The FHA has more power to increase access to credit
The FHFA and the GSEs have given lenders the clarity and reassurance they sought, but credit availability is still so limited because of the FHA. The FHA, not the GSEs, has historically insured borrowers with less than pristine credit, because the FHA does not do risk-based pricing. The FHA charges the same fee for those with perfect credit and those with less than perfect credit. The GSEs, on the other hand, impose risk-based pricing through their loan-level pricing adjustments.
Moreover, all GSE mortgages with a down payment of less than 20 percent of the loan amount must also obtain private mortgage insurance, which also varies in price depending on borrower risk profile. It is more attractive for low-credit-score, small-down-payment borrowers to obtain an FHA loan rather than a GSE loan.
Lenders prefer dealing with the GSEs than dealing with FHA because of the threat of the False Claims Act and the high costs of servicing FHA loans. But for most low-credit-score, small-down-payment borrowers, FHA rates are so much more favorable that it is the program of choice. This is illustrated in figures 1, 2, and 3.
Almost all borrowers with a down payment lower than 5 percent and a FICO score less than 700 (figure below) go with the FHA, as do most of those with a FICO score above 700.
For loans with a 5 to 19.99 percent down payment (figure below), most borrowers with a FICO score below 660 go with the FHA, while most with a FICO score above 680 go with the GSEs.

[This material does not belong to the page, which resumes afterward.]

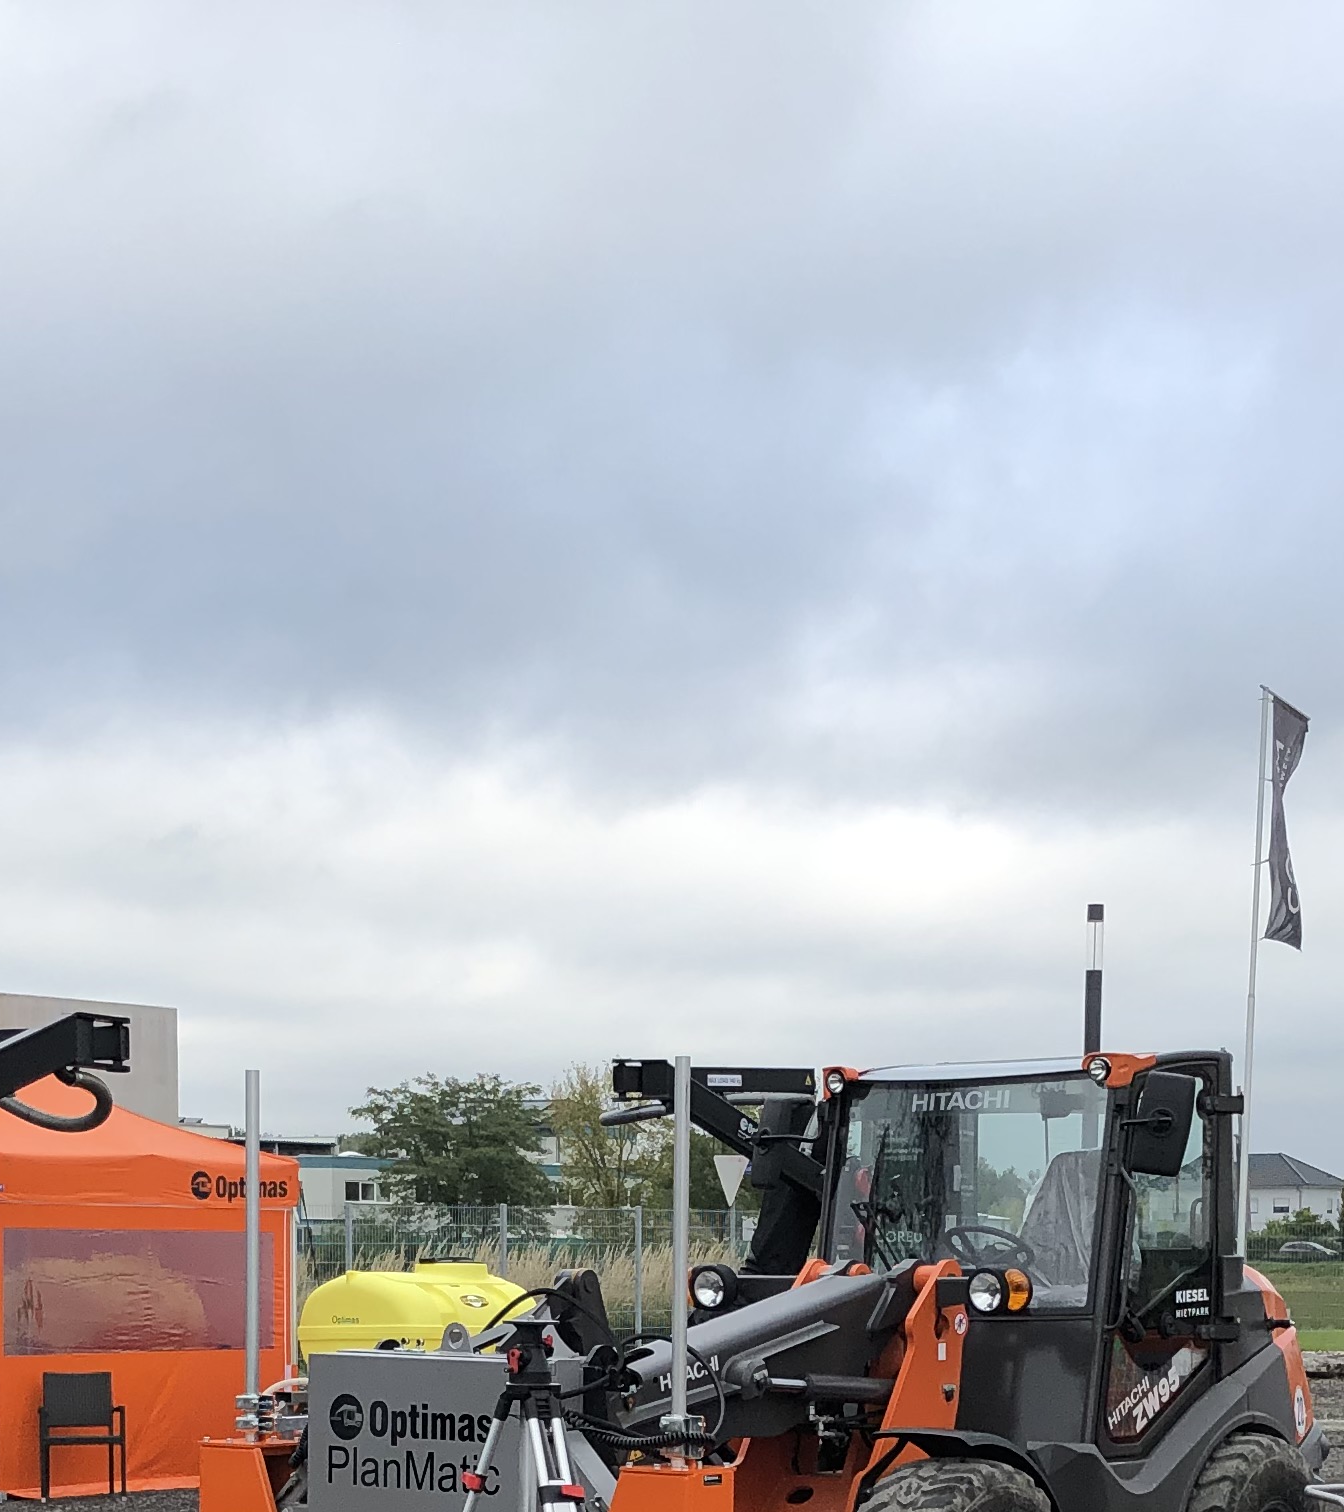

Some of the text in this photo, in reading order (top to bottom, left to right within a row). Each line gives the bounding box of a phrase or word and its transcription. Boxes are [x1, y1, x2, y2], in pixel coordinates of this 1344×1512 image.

For any down payment at or over 20 percent (figure below), regardless of FICO score, the borrowers seek GSE execution, which is more cost effective because there are no PMI expenses, but the FHA still charges its insurance fee.
The bottom line
To further expand credit availability, the FHA must give lenders greater assurance that they are only liable for their own errors, not subsequent performance. It’s up to the FHA now.